> **PROBLEM REQUIREMENTS**
Your copy should run exactly from the line containing "this 1344×1512 image." to the last line of the entries below, and it should include no pictures.
-------------------------
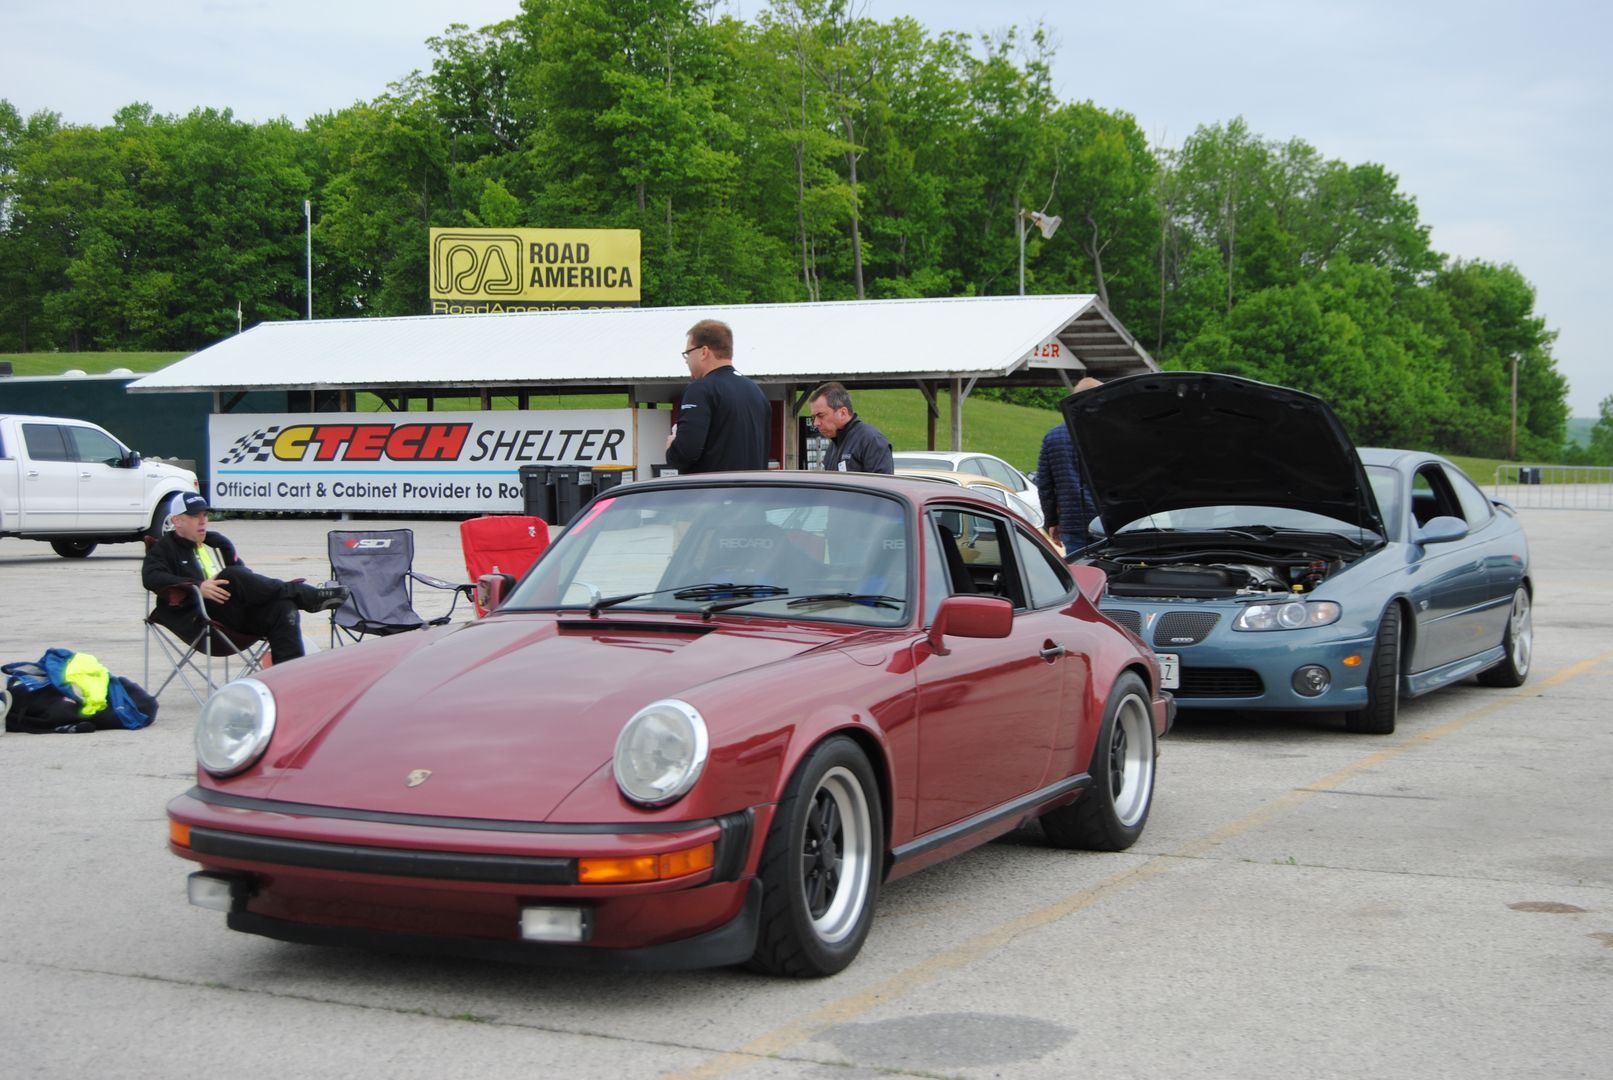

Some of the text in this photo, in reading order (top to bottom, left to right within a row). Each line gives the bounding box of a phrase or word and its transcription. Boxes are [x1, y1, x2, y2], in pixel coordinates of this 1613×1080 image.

[529, 242, 590, 264] ROAD
[529, 266, 633, 288] AMERICA
[432, 301, 633, 315] RoadAmeri
[272, 423, 626, 462] CTECH SHELTER
[216, 482, 271, 497] Official
[277, 482, 311, 497] Cart
[316, 482, 327, 497] &
[332, 482, 397, 498] Cabinet
[403, 482, 471, 499] Provider
[476, 483, 492, 498] to
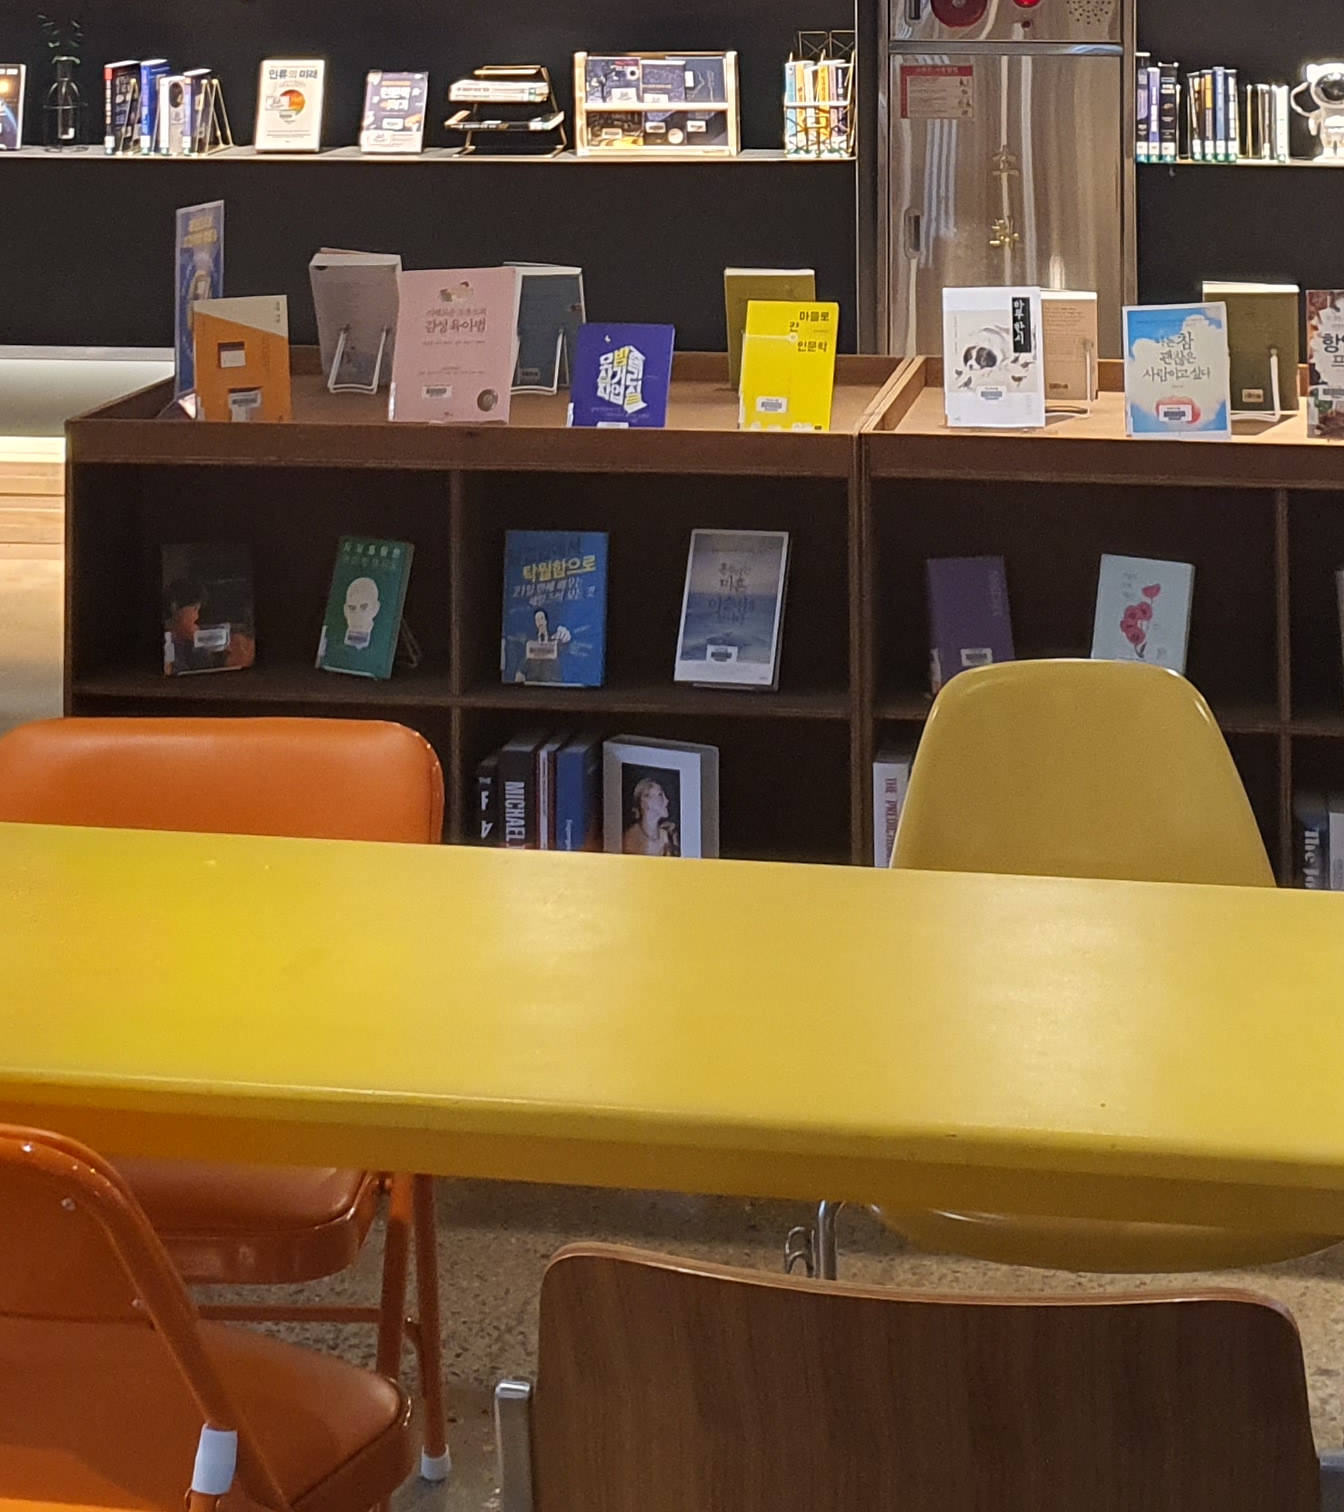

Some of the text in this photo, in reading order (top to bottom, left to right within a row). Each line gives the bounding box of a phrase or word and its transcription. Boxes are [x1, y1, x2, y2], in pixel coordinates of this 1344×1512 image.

[269, 69, 318, 80] 인류의 미래
[799, 311, 830, 322] 마을로
[789, 321, 800, 333] 간
[797, 340, 828, 353] 인문학
[1176, 331, 1194, 350] 참
[1160, 349, 1197, 366] 괜찮은
[1142, 366, 1211, 383] 사람이고 싶다
[522, 555, 597, 583] 탁월함으로
[503, 780, 526, 843] MICHAEL
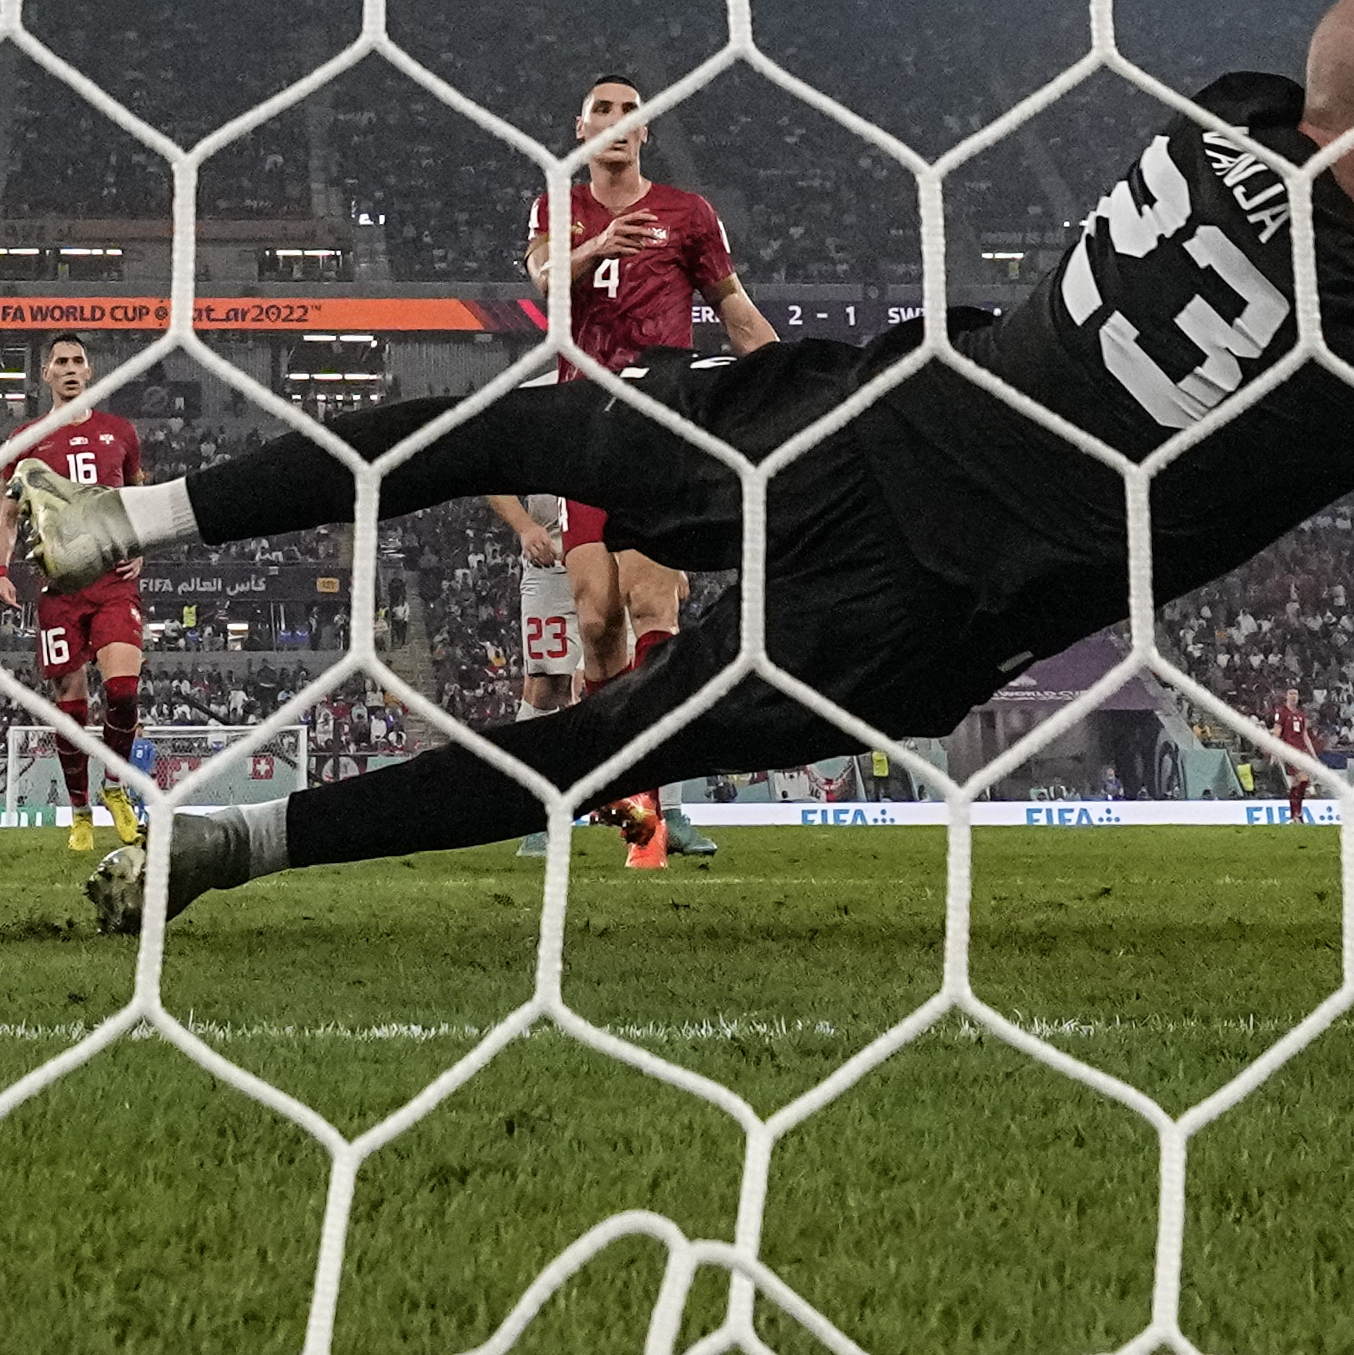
-------------------------
> **EXERCISE RESULT**
Some of the text in this photo, in reading order (top to bottom, left to right within a row). Each line gives the bounding box of a phrase or word and its transcription. Boxes are [x1, y1, x2, y2], in pixel coordinates of this 1344×1512 image.

[269, 69, 318, 80] 인류의 미래
[799, 311, 830, 322] 마을로
[789, 321, 800, 333] 간
[797, 340, 828, 353] 인문학
[1176, 331, 1194, 350] 참
[1160, 349, 1197, 366] 괜찮은
[1142, 366, 1211, 383] 사람이고 싶다
[522, 555, 597, 583] 탁월함으로
[503, 780, 526, 843] MICHAEL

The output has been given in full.